While the establishment media were focussed on the riot that didn’t happen, a much smaller – but bigger in its consequences – protest took place in Aberavon; a small and surprisingly pleasant seaside town to the west of the massive Port Talbot steelworks. All of the fight had gone though – this was a pale shadow of the days when the massed ranks of the steelworker’s union could dictate terms to governments which still understood that steel is a strategic resource. Indeed, almost all that remains of an industry which once built the world’s infrastructure, is the mendaciously named British Steel (it is owned by China) plant in Scunthorpe along with the Indian corporation Tata-owned plant in Port Talbot.
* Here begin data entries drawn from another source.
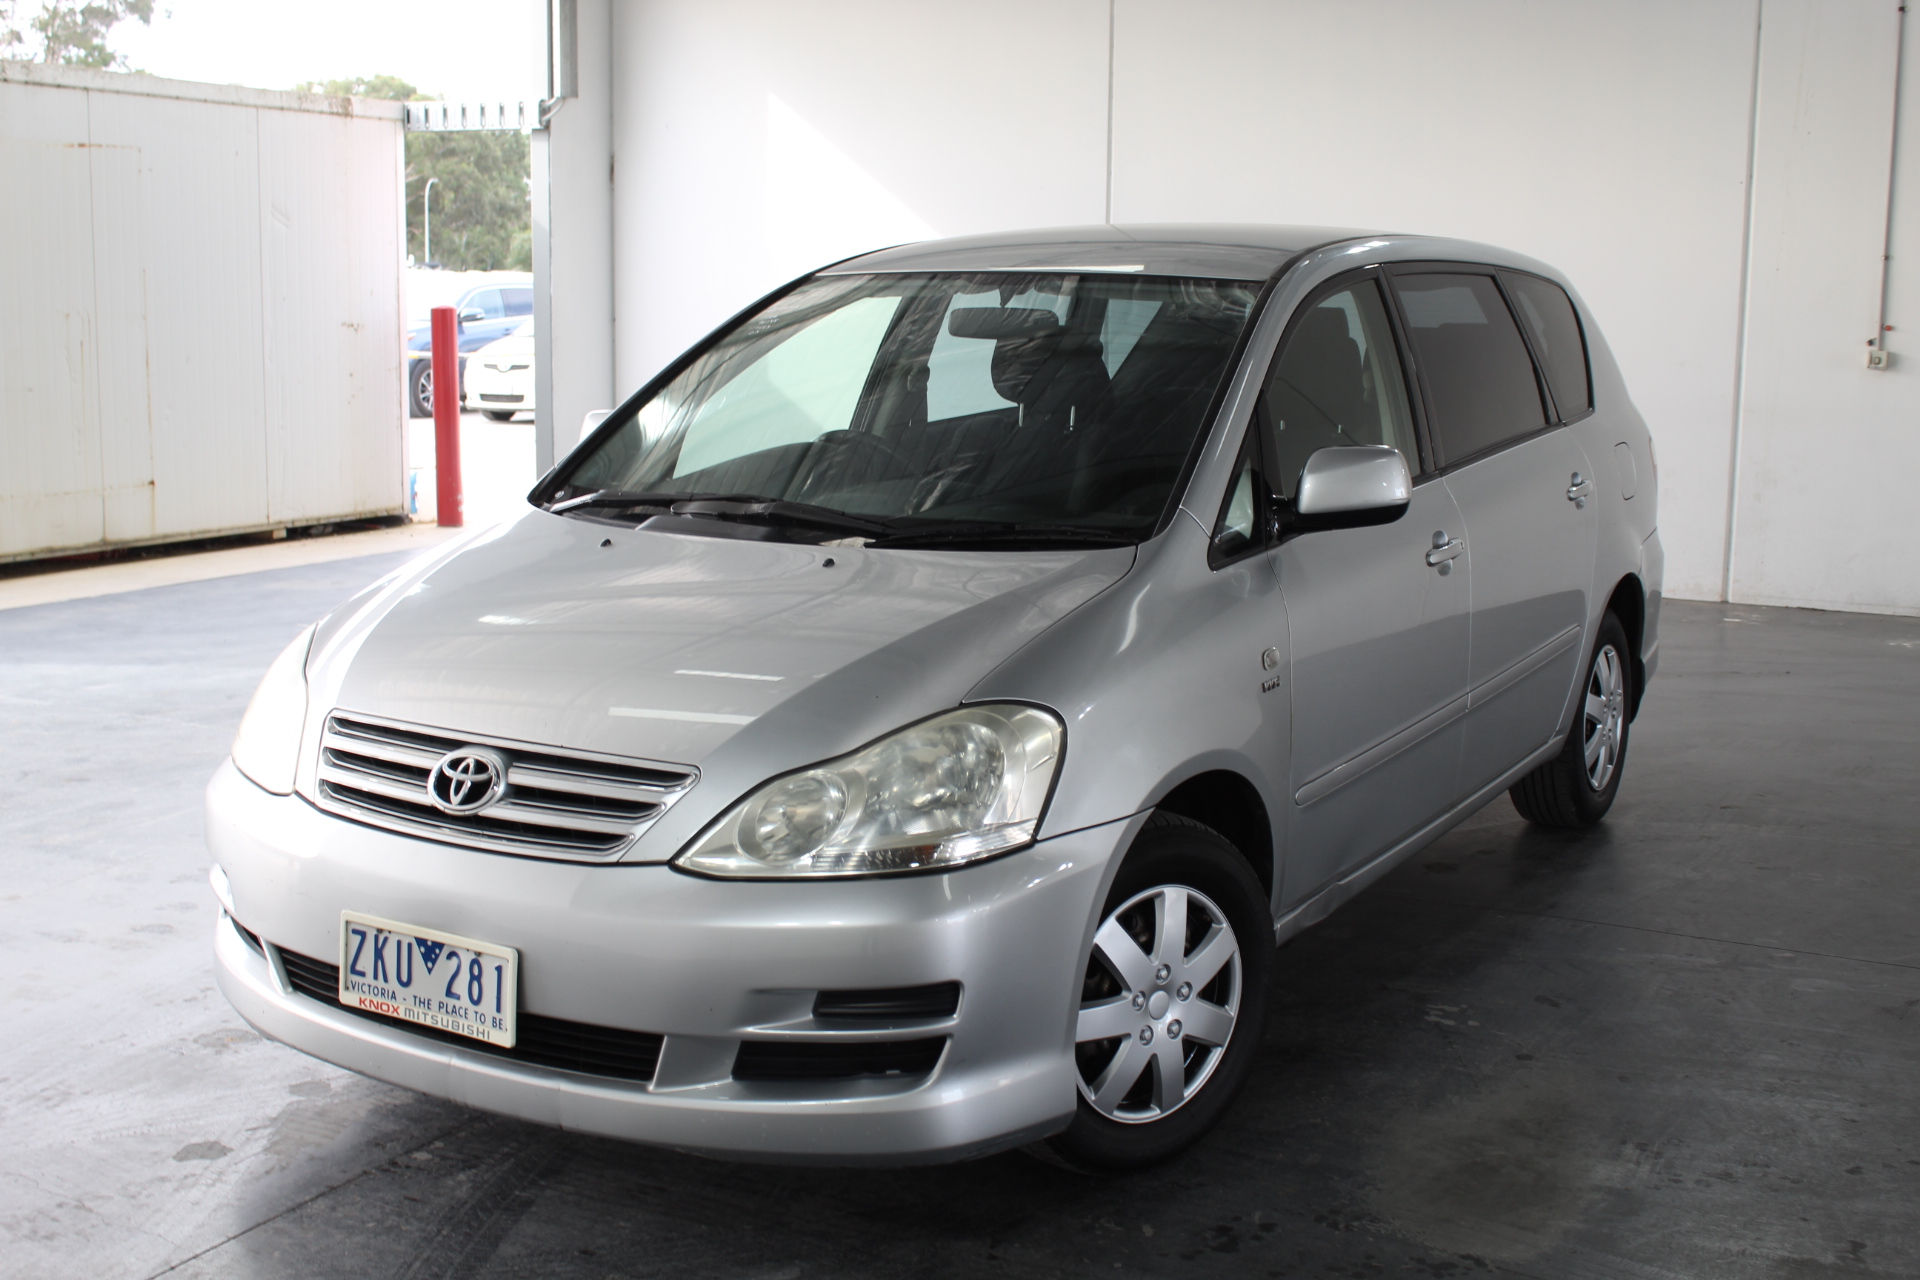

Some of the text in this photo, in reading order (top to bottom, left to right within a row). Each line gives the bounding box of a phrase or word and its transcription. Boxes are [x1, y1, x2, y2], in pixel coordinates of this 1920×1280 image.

[350, 928, 503, 1014] ZKU 281
[350, 980, 397, 1001] VICTORIA
[413, 995, 432, 1010] THE
[438, 1001, 469, 1019] PLACE
[474, 1011, 486, 1024] TO
[359, 996, 490, 1040] KNOX MITSUBISHI
But both plants face closure unless the UK government stumps up the cash to refit the plants with electric arc furnaces to recycle, but no longer produce, steel.
Notably absent is any coherent response from the Marie Antoinettes in Versailles-on-Thames. There was a time when even a Tory government faced with the closure of something as essential as steel making, would have drawn up the nationalisation papers in a matter of hours. Indeed, in February 1971, faced with the loss of the key engineering company Rolls-Royce, Edward Heath’s Tory government (a neoliberal prototype) took just hours to nationalise the company. But today’s political class has become so used to flogging off the national assets to the highest bidder that they no longer even consider whether those assets might be needed in future.
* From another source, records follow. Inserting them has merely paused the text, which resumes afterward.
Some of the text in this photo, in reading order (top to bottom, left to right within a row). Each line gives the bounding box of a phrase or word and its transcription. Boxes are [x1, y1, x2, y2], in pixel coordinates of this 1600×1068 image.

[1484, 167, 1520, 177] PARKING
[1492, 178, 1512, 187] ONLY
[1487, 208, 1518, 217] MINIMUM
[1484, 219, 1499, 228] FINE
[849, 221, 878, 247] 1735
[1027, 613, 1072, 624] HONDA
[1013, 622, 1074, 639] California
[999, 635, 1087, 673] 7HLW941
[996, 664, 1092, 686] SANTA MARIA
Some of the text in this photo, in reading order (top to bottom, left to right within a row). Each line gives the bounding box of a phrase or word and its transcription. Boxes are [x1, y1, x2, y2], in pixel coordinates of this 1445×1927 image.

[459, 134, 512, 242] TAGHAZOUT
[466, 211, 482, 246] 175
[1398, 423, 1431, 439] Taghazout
The same goes for the people who claim to be an opposition. Although only the most gullible among us would believe anything coming out of the mouth of Labour leader Keith Starmer, he does claim to want to usher in a period of green growth based around a green energy transition. So, here’s the thing; you can’t have an energy transition unless you can make enough steel to supply the proposed wind turbine factories. And – like so much of the ill-thought green new deal – while it is theoretically possible to construct the new infrastructure using recycled steel alone, this is not how the real-world works.
Early objections to the use of recycled steel in construction concern the level of impurities. As Monique Clement from Arizona State University explains:
“While a vast majority of the steel in the U.S. is recycled, it is inferior in quality to ‘virgin’ steel from freshly mined materials. Recycled steel often comes from automotive scrap, which contains copper impurities that cause cracking when reused.”
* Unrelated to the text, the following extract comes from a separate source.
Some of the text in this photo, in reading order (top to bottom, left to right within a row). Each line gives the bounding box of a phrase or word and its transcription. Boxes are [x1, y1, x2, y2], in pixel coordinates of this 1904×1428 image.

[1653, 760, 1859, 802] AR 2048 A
This may be a transitory problem, with improvements to recycling processes resulting in better quality steel – but you would want to be sure of that before attempting to deploy several thousand new wind turbines whose concrete bases and steel towers depend upon high-quality steel… and it is not as if Britain doesn’t have a track record of falling for industries that provide poor-quality materials while claiming they are fit for purpose.
Quality though, turns out to be less of a problem than quantity. Steel recycling has a parasitic relationship with the wider steel industry. Enjoying the “green” label – and the generous state subsidies that go with it – it is able to operate as a junior partner to the world’s virgin steel producers. But there is nowhere near enough scrap steel to allow every, or even most steelworks to switch to recycling.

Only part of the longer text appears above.